## About this exercise
Copy each record below faithfully, leaving out images.

## Data for processing
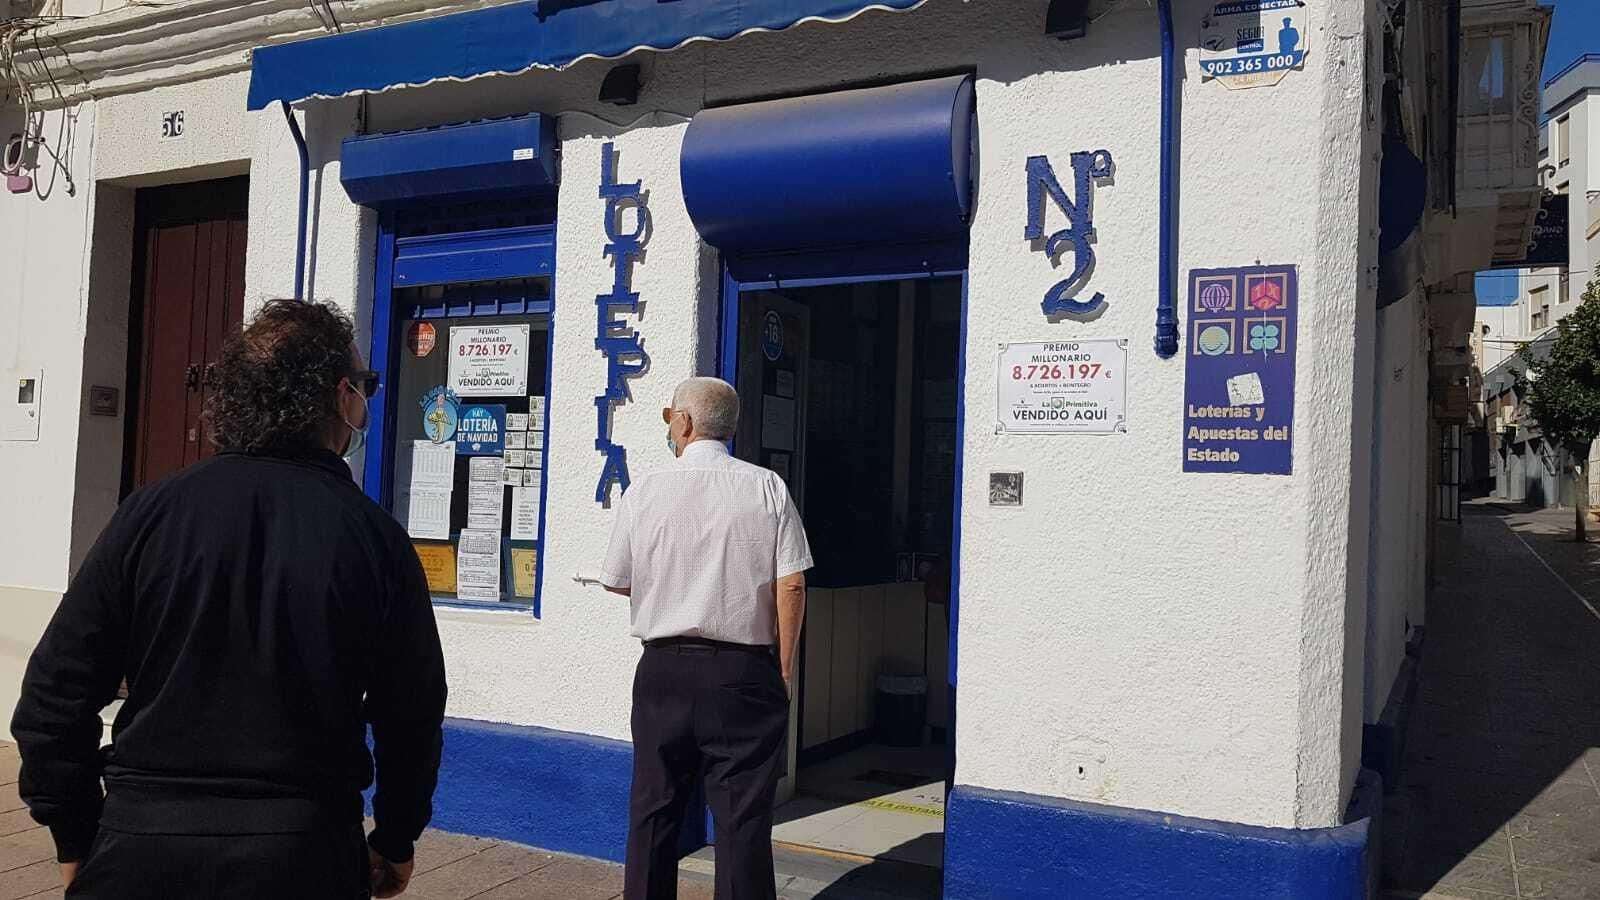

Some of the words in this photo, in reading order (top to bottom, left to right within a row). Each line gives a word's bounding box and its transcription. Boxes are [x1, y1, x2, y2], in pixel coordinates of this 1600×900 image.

[1207, 61, 1232, 74] 902
[1237, 58, 1262, 72] 365
[1267, 54, 1294, 69] 000
[162, 110, 184, 137] 56
[1040, 228, 1105, 316] 2
[459, 344, 512, 356] 8.726.197
[1043, 343, 1080, 352] PREMIO
[1031, 353, 1091, 363] MILLONARIO
[1012, 363, 1102, 380] 8.726.197
[1105, 370, 1112, 379] €
[458, 378, 492, 386] VENDIDO
[494, 376, 515, 386] AQUÍ
[1065, 400, 1098, 408] Primitiva
[1013, 410, 1069, 420] VENDIDO
[1074, 407, 1107, 421] AQUÍ
[1255, 406, 1265, 421] y
[457, 416, 498, 432] LOTERÍA
[457, 433, 467, 442] DE
[467, 433, 498, 442] NAVIDAD
[1187, 426, 1259, 443] Apuestas
[1263, 425, 1288, 440] del
[1187, 447, 1240, 462] Estado
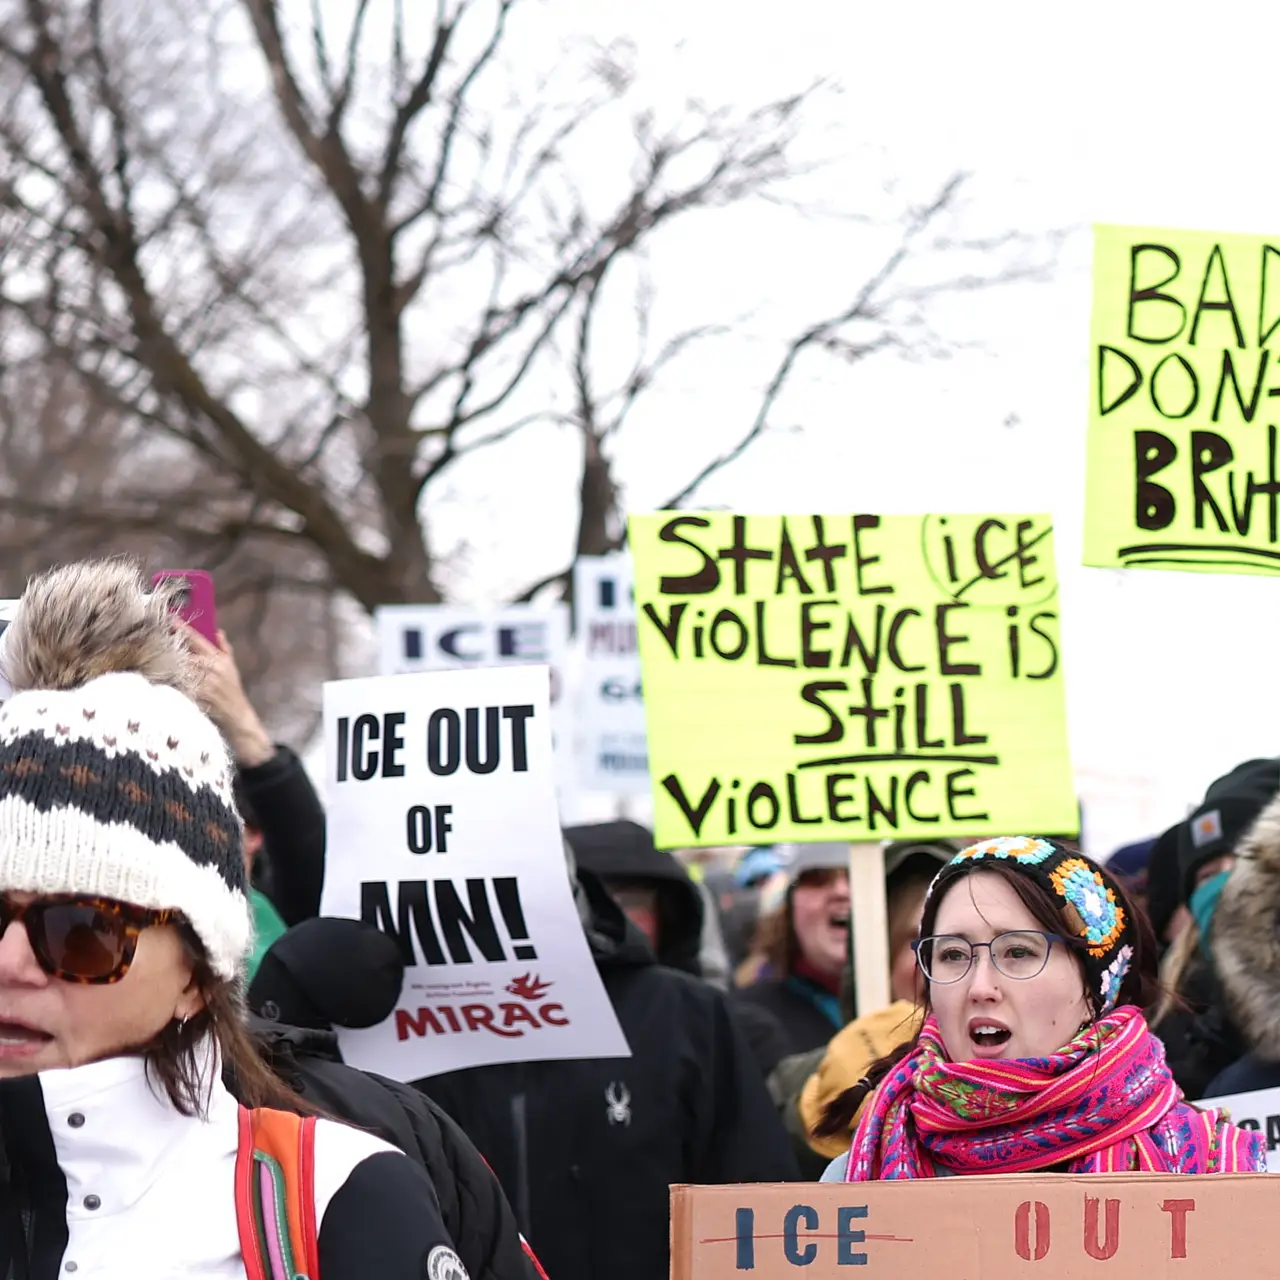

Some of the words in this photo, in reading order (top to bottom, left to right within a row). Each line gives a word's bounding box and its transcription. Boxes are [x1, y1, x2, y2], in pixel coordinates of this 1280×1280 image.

## Answer area
Some of the words in this photo, in reading order (top to bottom, left to right within a row). Each line gives a word's bounding box and its transcription. Boxes are [x1, y1, x2, y2], in pixel coordinates of this 1600×900 image.

[1207, 61, 1232, 74] 902
[1237, 58, 1262, 72] 365
[1267, 54, 1294, 69] 000
[162, 110, 184, 137] 56
[1040, 228, 1105, 316] 2
[459, 344, 512, 356] 8.726.197
[1043, 343, 1080, 352] PREMIO
[1031, 353, 1091, 363] MILLONARIO
[1012, 363, 1102, 380] 8.726.197
[1105, 370, 1112, 379] €
[458, 378, 492, 386] VENDIDO
[494, 376, 515, 386] AQUÍ
[1065, 400, 1098, 408] Primitiva
[1013, 410, 1069, 420] VENDIDO
[1074, 407, 1107, 421] AQUÍ
[1255, 406, 1265, 421] y
[457, 416, 498, 432] LOTERÍA
[457, 433, 467, 442] DE
[467, 433, 498, 442] NAVIDAD
[1187, 426, 1259, 443] Apuestas
[1263, 425, 1288, 440] del
[1187, 447, 1240, 462] Estado

Some of the words in this photo, in reading order (top to bottom, left to right within a row). Each line gives a word's bounding box and its transcription. Boxes are [x1, y1, x2, y2], in pixel coordinates of this 1280×1280 image.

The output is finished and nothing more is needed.